*** Opening MATERIAL SUPPLIED ***
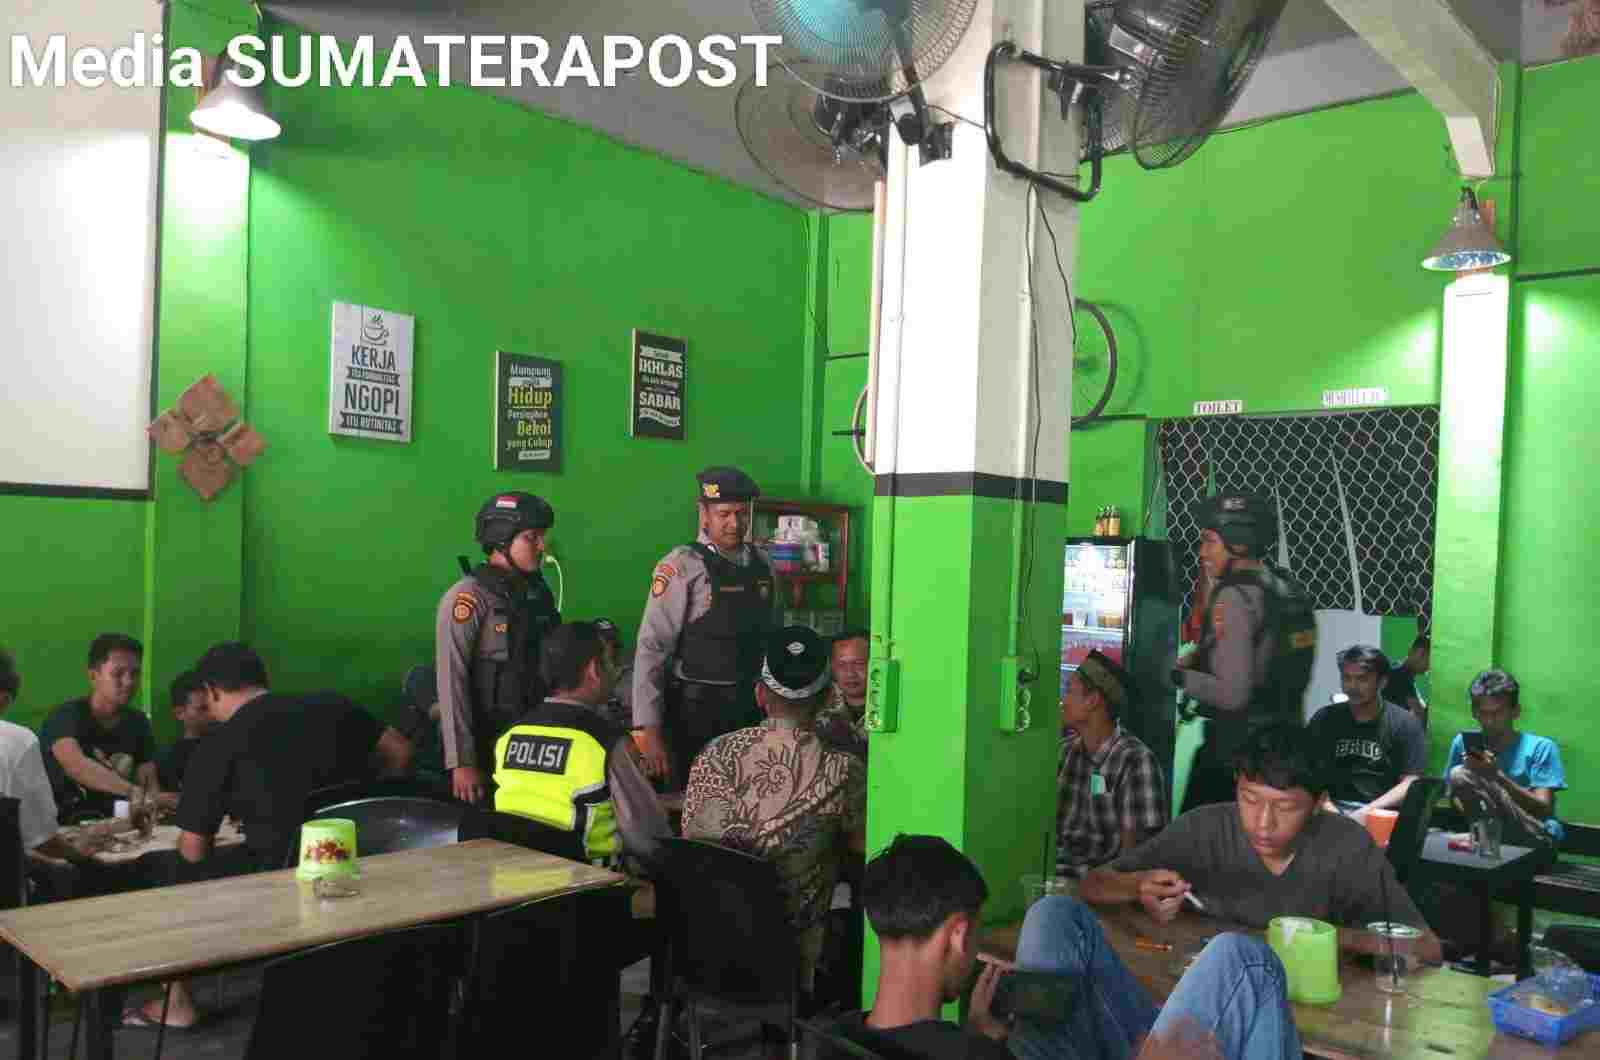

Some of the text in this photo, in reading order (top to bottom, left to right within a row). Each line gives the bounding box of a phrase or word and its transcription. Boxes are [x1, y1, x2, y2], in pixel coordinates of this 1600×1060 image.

[351, 343, 396, 372] KERJA
[344, 382, 399, 416] NGOPI
[508, 384, 552, 410] Hidup
[639, 391, 681, 410] SABAR
[506, 741, 565, 768] POLISI
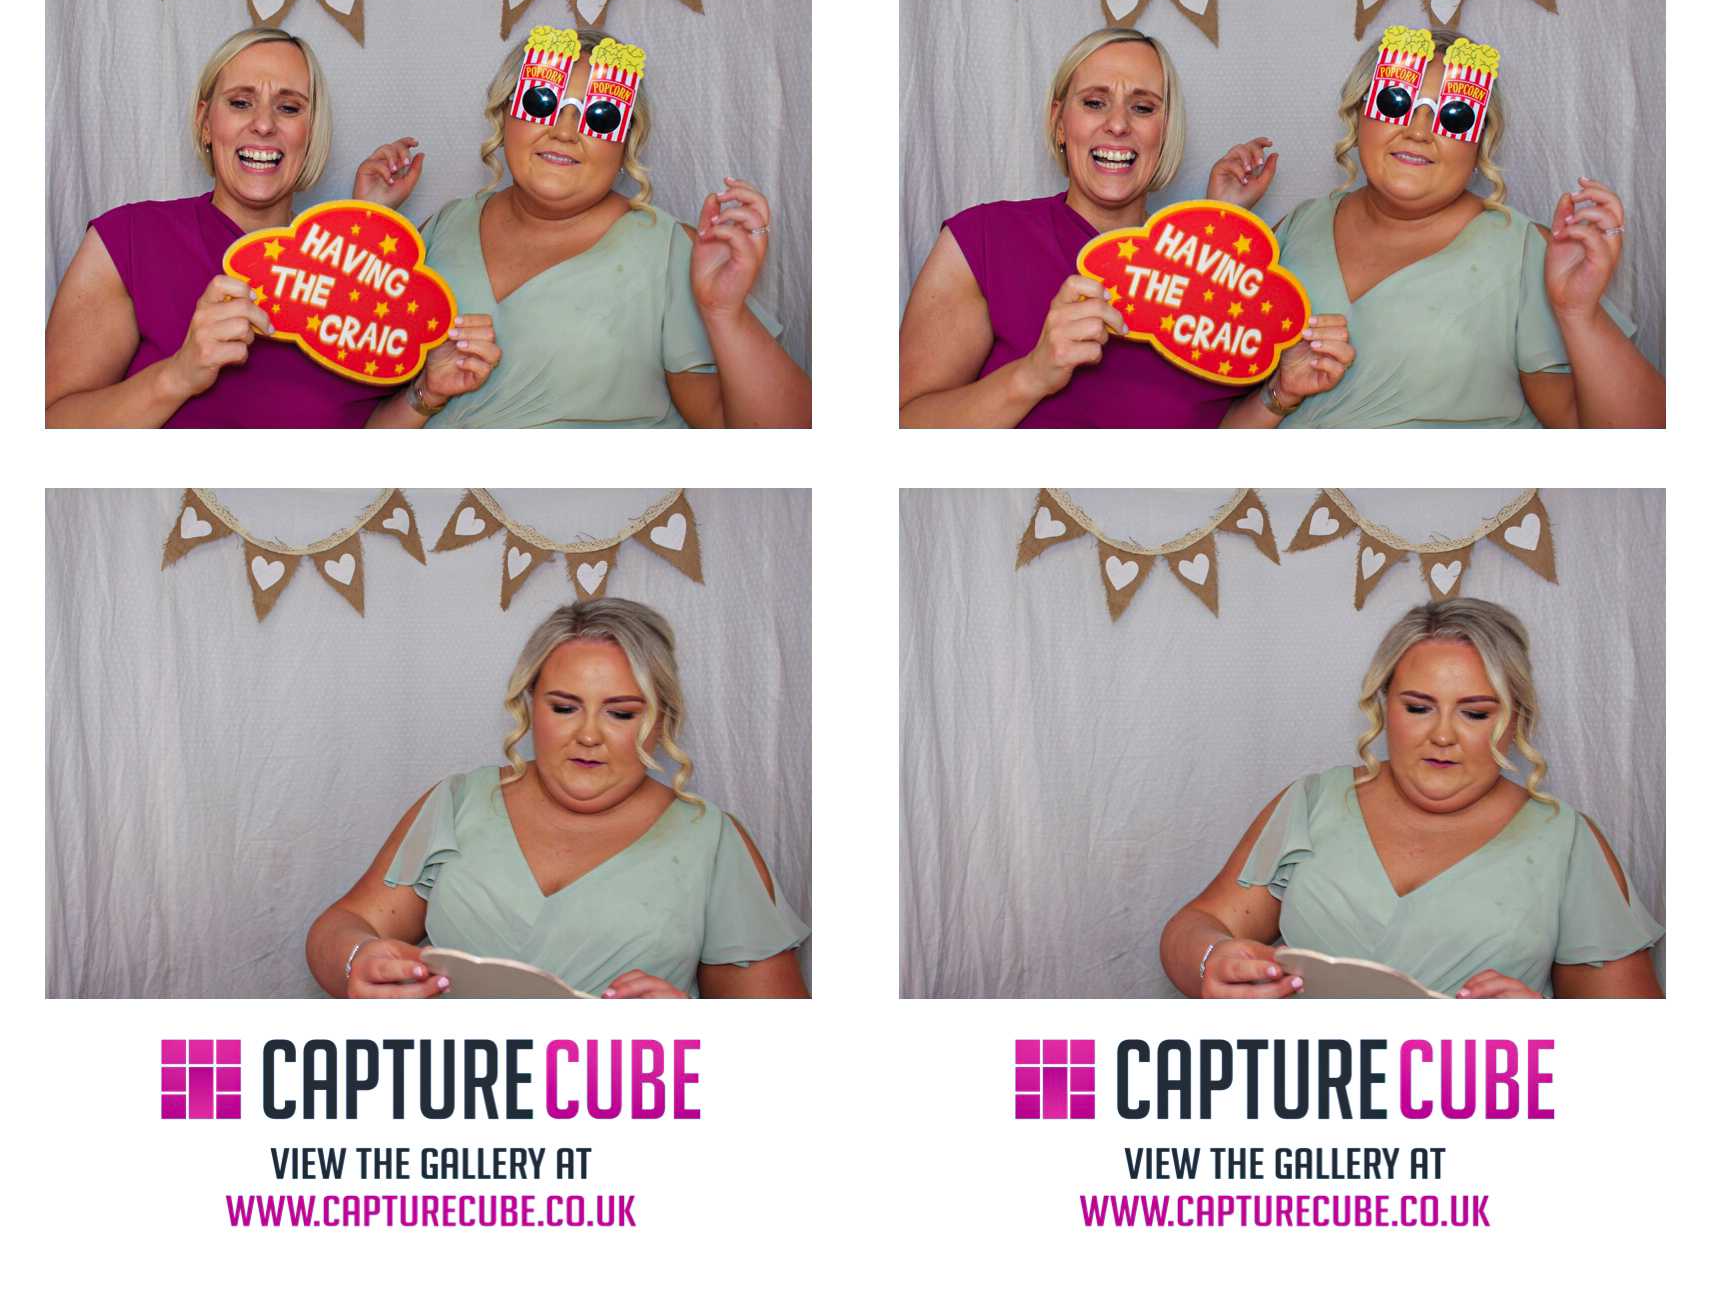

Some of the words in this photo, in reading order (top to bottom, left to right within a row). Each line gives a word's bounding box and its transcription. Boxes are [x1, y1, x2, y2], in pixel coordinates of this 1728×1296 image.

[525, 65, 564, 85] POPCORN
[593, 82, 632, 101] POPCORN
[1379, 65, 1418, 85] POPCORN
[1447, 82, 1486, 101] POPCORN
[300, 223, 410, 297] HAVING
[1154, 223, 1264, 297] HAVING
[271, 265, 336, 308] THE
[1125, 265, 1190, 308] THE
[319, 314, 408, 356] CRAIC
[1173, 314, 1262, 356] CRAIC
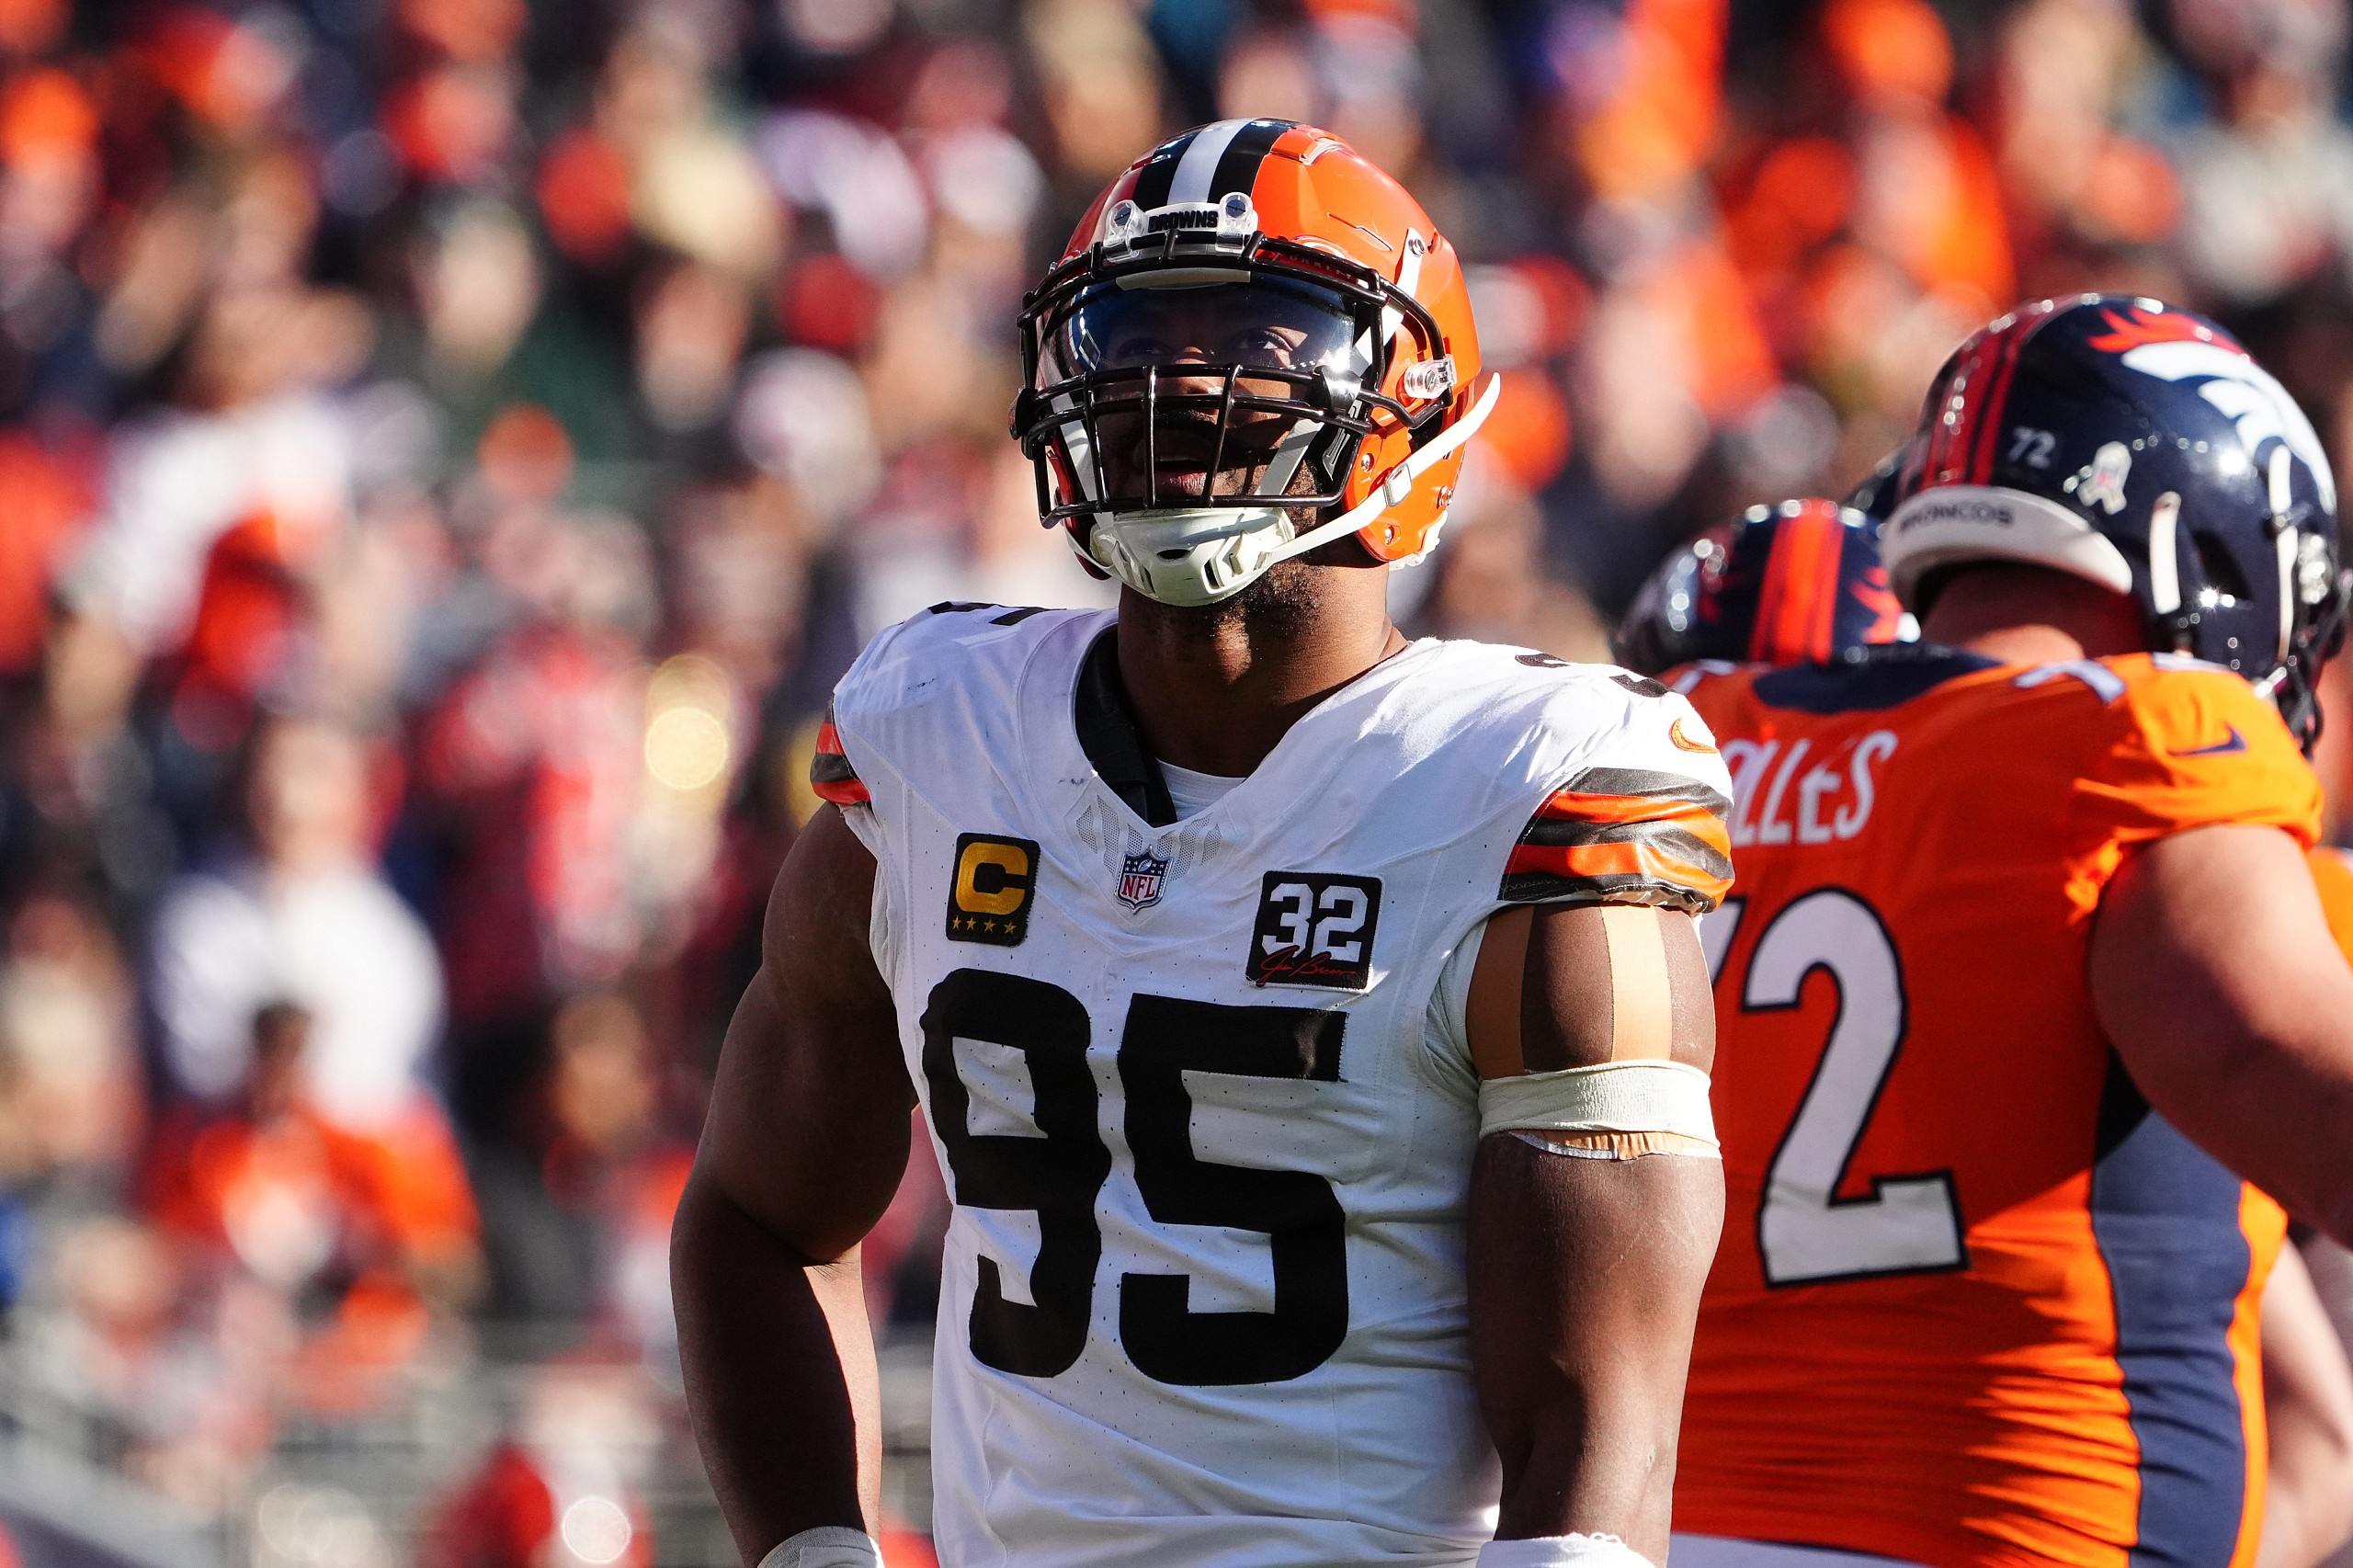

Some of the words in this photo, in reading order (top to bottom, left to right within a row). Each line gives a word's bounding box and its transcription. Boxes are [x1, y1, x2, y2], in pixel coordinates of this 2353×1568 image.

[1148, 210, 1219, 233] BROWNS
[2008, 426, 2057, 469] 72
[1899, 501, 2014, 532] BRONCOS
[956, 842, 1029, 915] C
[1121, 874, 1155, 901] NFL
[1261, 882, 1369, 963] 32
[919, 968, 1349, 1386] 95
*** Closing MATERIAL SUPPLIED ***
# WHAT YOU NEED TO DO:
Please give the entries again word for word, without any pictures.

# ANSWER BELOW:
Some of the text in this photo, in reading order (top to bottom, left to right within a row). Each line gives the bounding box of a phrase or word and its transcription. Boxes are [x1, y1, x2, y2], in pixel coordinates of this 1600×1060 image.

[351, 343, 396, 372] KERJA
[344, 382, 399, 416] NGOPI
[508, 384, 552, 410] Hidup
[639, 391, 681, 410] SABAR
[506, 741, 565, 768] POLISI

Some of the words in this photo, in reading order (top to bottom, left to right within a row). Each line gives a word's bounding box and its transcription. Boxes are [x1, y1, x2, y2], in pixel coordinates of this 1728×1296 image.

[525, 65, 564, 85] POPCORN
[593, 82, 632, 101] POPCORN
[1379, 65, 1418, 85] POPCORN
[1447, 82, 1486, 101] POPCORN
[300, 223, 410, 297] HAVING
[1154, 223, 1264, 297] HAVING
[271, 265, 336, 308] THE
[1125, 265, 1190, 308] THE
[319, 314, 408, 356] CRAIC
[1173, 314, 1262, 356] CRAIC

Some of the words in this photo, in reading order (top to bottom, left to right within a row). Each line gives a word's bounding box and its transcription. Boxes are [x1, y1, x2, y2], in pixel coordinates of this 2353×1568 image.

[1148, 210, 1219, 233] BROWNS
[2008, 426, 2057, 469] 72
[1899, 501, 2014, 532] BRONCOS
[956, 842, 1029, 915] C
[1121, 874, 1155, 901] NFL
[1261, 882, 1369, 963] 32
[919, 968, 1349, 1386] 95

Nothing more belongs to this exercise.